Talking Story
by Polo

Photo courtesy of the Oregon Zoo

AR Photo/Polo
From The Asian Reporter, V17, #2 (January 9, 2007), page 7.
Polar bear blues
Our holidays are over. Just passed too are our gift-giving days.
You have to hope everyone did well; that everywhere, squirrelly kids and
wishful parents got what we prayed for. What’s more, we have to believe our
generous shoppers and earnest present-wrappers feel just as good. Giving, our
elders always say, is better than getting.
The Bush Administration gave us some good news during December’s last busy
week. It was easy to miss. So many other important headlines were hitting us —
the King of Soul, America’s healing President, Iraq’s demonic despot, all
perished at year’s end.
It’s possible no one noticed our government’s big admission that polar bears
are in big trouble. At the close of 2006, the U.S. Fish and Wildlife Service
conceded that continuity of the entire arctic species might be threatened.
Of course, it’s also possible not many of us new Americans care much about
our furry friends way up north. Sure, they’re cute and cuddly, but our concerns
tend to be more arms-length: is my job still in hand after the Christmas rush?
Are our boys coming home with good grades, or with the cops just behind? How
many relatives back home were hurt, are yet missing, or will always be missed,
after last month’s furious storms?
We are often overwhelmed with more immediate worries.

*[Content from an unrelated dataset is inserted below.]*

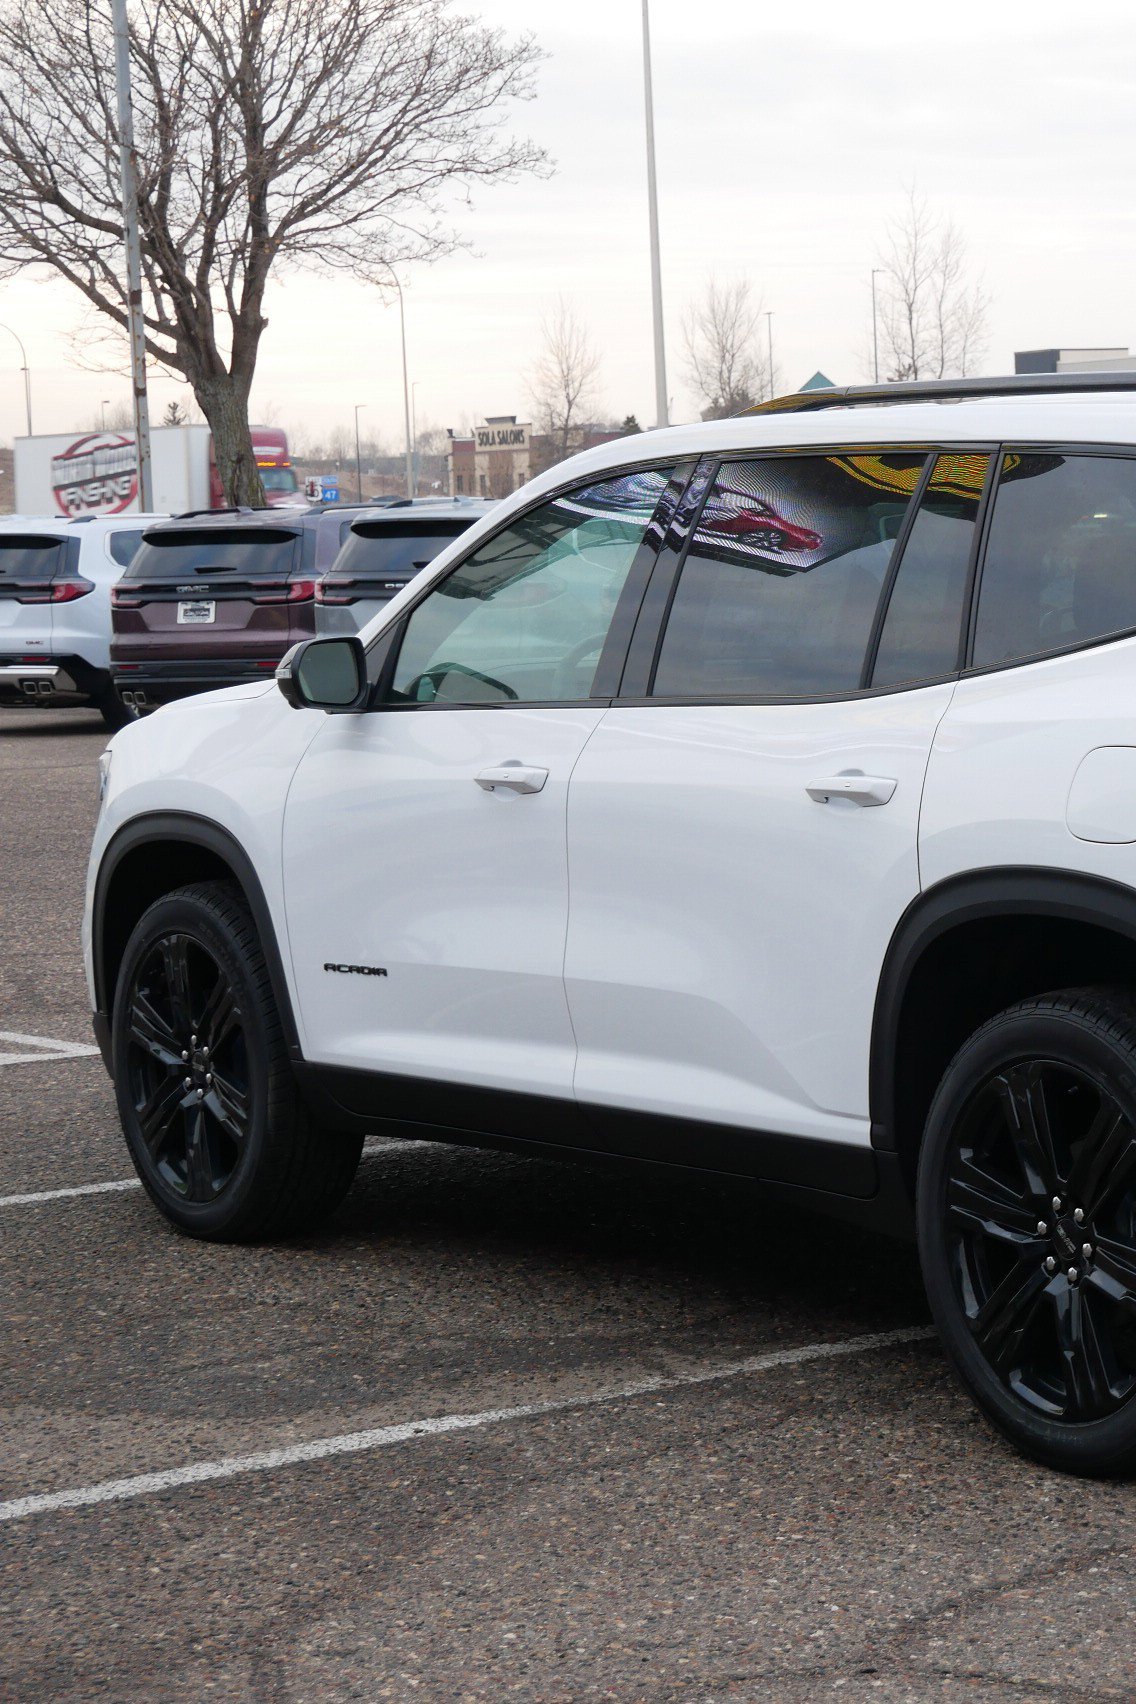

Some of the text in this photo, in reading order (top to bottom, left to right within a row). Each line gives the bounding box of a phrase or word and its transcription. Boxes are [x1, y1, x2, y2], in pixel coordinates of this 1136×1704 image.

[478, 429, 525, 447] SOLA SALONS
[324, 490, 337, 500] 47
[323, 963, 388, 977] ACADIA

But our old folks will tell you: a tiger lunching at a neighbor’s house will
soon be visiting mine. We have a lot of animal analogies.
Still, it’s possible that many of us immigrants would’ve ignored the bad big
bear news even if we’d heard it. They’re probably the same woodenheads who’d
ignore that tiger next door. In fact, they’re likely the same kind of folks as
those who figure America can scoff at the 169 countries and governmental
organizations (including our anxious neighbors Canada and Mexico) committed to
the Kyoto Protocol — the modern equivalent of our grandparents’ old adage about
every living thing on our little blue planet’s relation to every other living
thing. Your tiger is my tiger. Same hunger.
Now we can talk
The Administration’s admission starts in motion a period of public discussion
about what’s bugging our big fuzzy arctic cousins and what on earth must we do
about it. Soon. It was a Christmas present not only to lovers of those cute
white baby bears, wrestling around the way they do, all over their floating
chunks of ice pack, but more to the point: it is a gift to our children and our
children’s children, not only in America, but more critically: to our families
back home. Back there, back where our aching earth’s most vulnerable families
suffer from America’s neglect.
Let’s talk about polar bears.
They are big. They are furry. They live about as far north as you can go.

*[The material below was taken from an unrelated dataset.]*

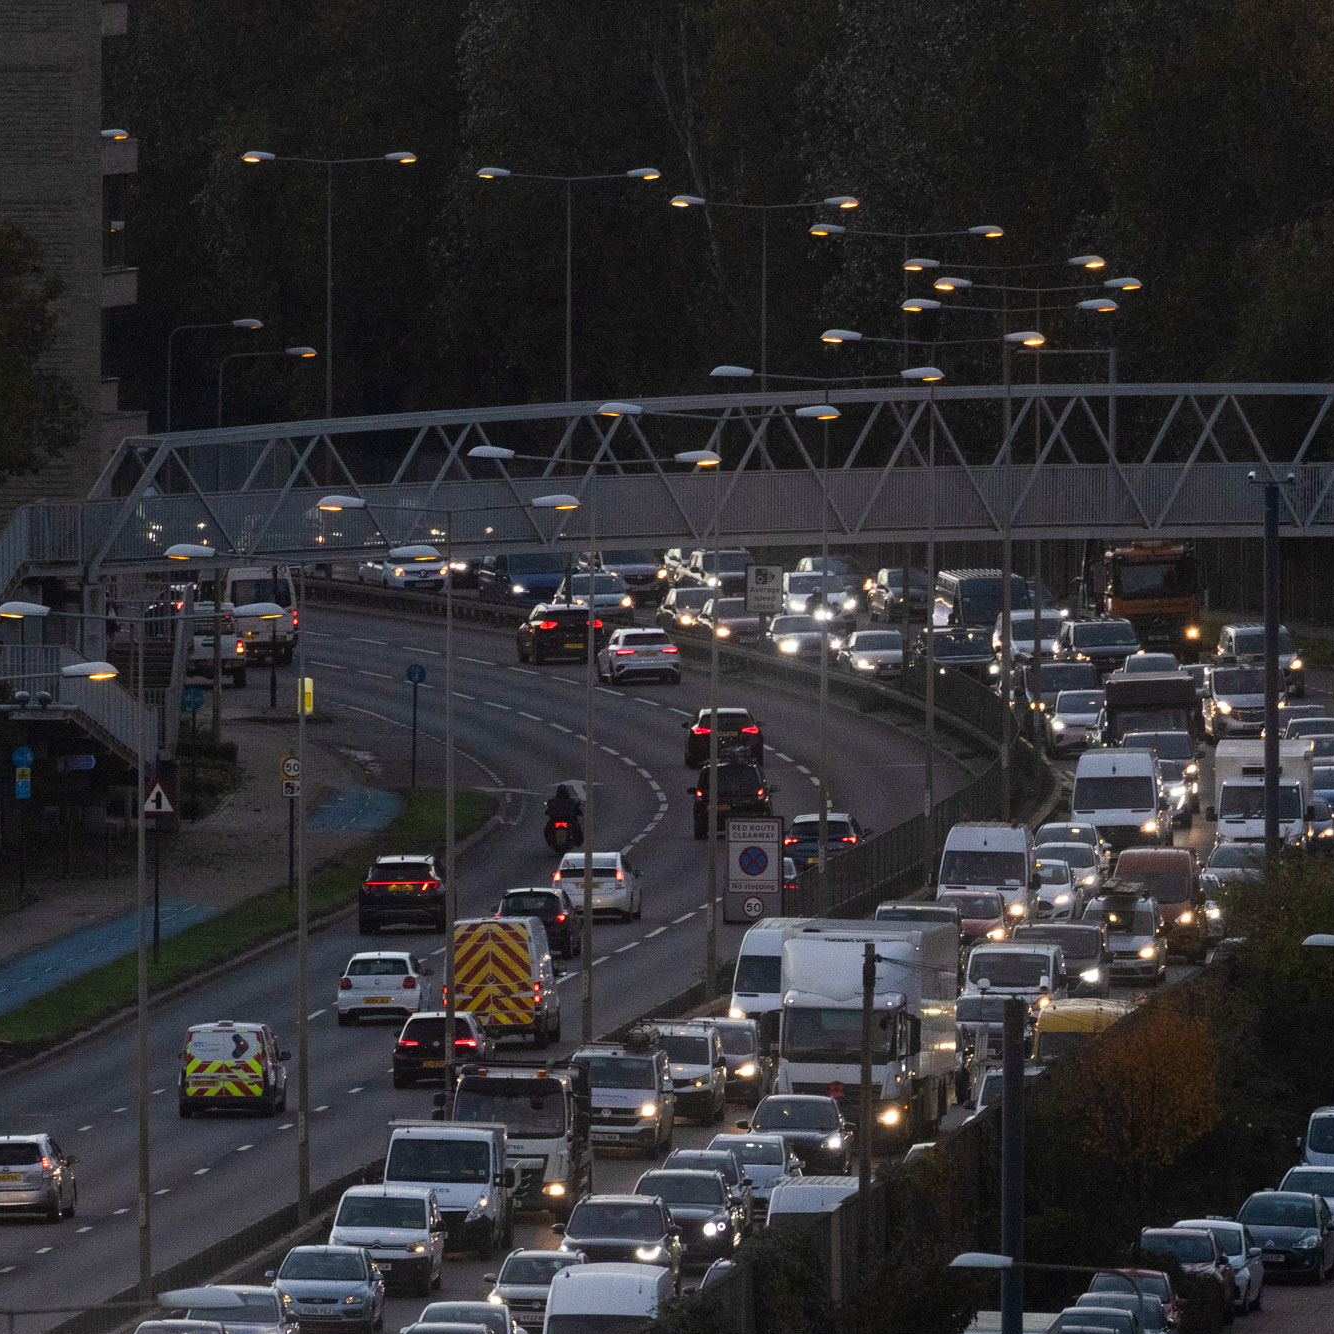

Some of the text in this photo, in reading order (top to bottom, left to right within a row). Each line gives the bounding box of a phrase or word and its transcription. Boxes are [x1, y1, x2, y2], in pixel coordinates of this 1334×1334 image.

[285, 763, 300, 773] 50
[731, 824, 776, 832] RED ROUTE
[744, 883, 775, 891] stopping
[746, 902, 762, 913] 50

It’s cold up there, most of the time it’s frozen ocean. Since the beginning of
time, earth’s oceans have iced up then melted down in thousand-thousand year
cycles. When the planet chills, we have an ice age. Only people with Prestone
antifreeze running through their veins survive. Then, when the planet warms
again, floodwaters soak the place. Not long ago, our Willamette Valley was a
shallow sea filled with all kinds of weird life. For all of human history, big
ice persists only on high mountains and on earth’s polar ice caps.
Now the North Pole, also called Santa Land, is melting. Many serious
scientists warn that Arctic summer ice sheets will be gone in 30 years unless we
do something about global warming. Now.
Santa and Mrs. Claus could easily move to Beaverton, but polar bears cannot.
Indeed, these guys are drowning in numbers never seen before. Without summer ice
pack, they’re paddling around cold water until exhausted. Then they drown.
That’s not the worst of it — troubled mom bears are eating their own kids. It’s
what mothers under severe environmental distress do. When there’s no food, no
future, for their offspring: they end their little lives. Gulp. Gone.
Almost a year ago, the Center for Biological Diversity filed a petition with
the U.S. Department of the Interior, supported by a mountain of scientific and
commercial evidence, alleging that American polar bears are in danger of
extinction.
When Mr. Bush’s big boys did not formally respond inside the six months
required under law, the Center was joined by the Natural Resources Defense
Council and Greenpeace International in filing a big fat federal lawsuit. So, in
late December, the Fish and Wildlife Service conceded that our bear buds are
threatened and that it’s time to talk about their problems. About our
problem. An admission that polar bears are "endangered," a red-hot notch or two
up from "threatened," would require all government agencies to refrain from
acting in ways that would harm the gasping species.
Slow is better than stupid
Okay, okay, unlike our Portland city leadership, our D.C. guys and girls are
a little slow in understanding that our ravenous consumer appetites, fed by our
Costco-sized shopping carts, brought home in cars undisturbed by any federal
fuel efficiency standards, are responsible for scary climate change. For the
disappearing North Pole, for drowning polar bears. Right before our eyes.
But slow is better than stupid.
Stupid would be continuing to insist that the U.S. (about six percent of our
precious little planet’s people), responsible for about 40 percent of the
industrialized world’s greenhouse gasses, is innocent of contributing to the
polar bear’s troubles.
Stupider would be sorrowing more for fuzzy baby white bears than for skinny
brown boys and girls. But it’s a good start. Cuddly bears can get people
interested in the problem and involved in the solution, when too much human
sorrow would likely numb folks into inaction.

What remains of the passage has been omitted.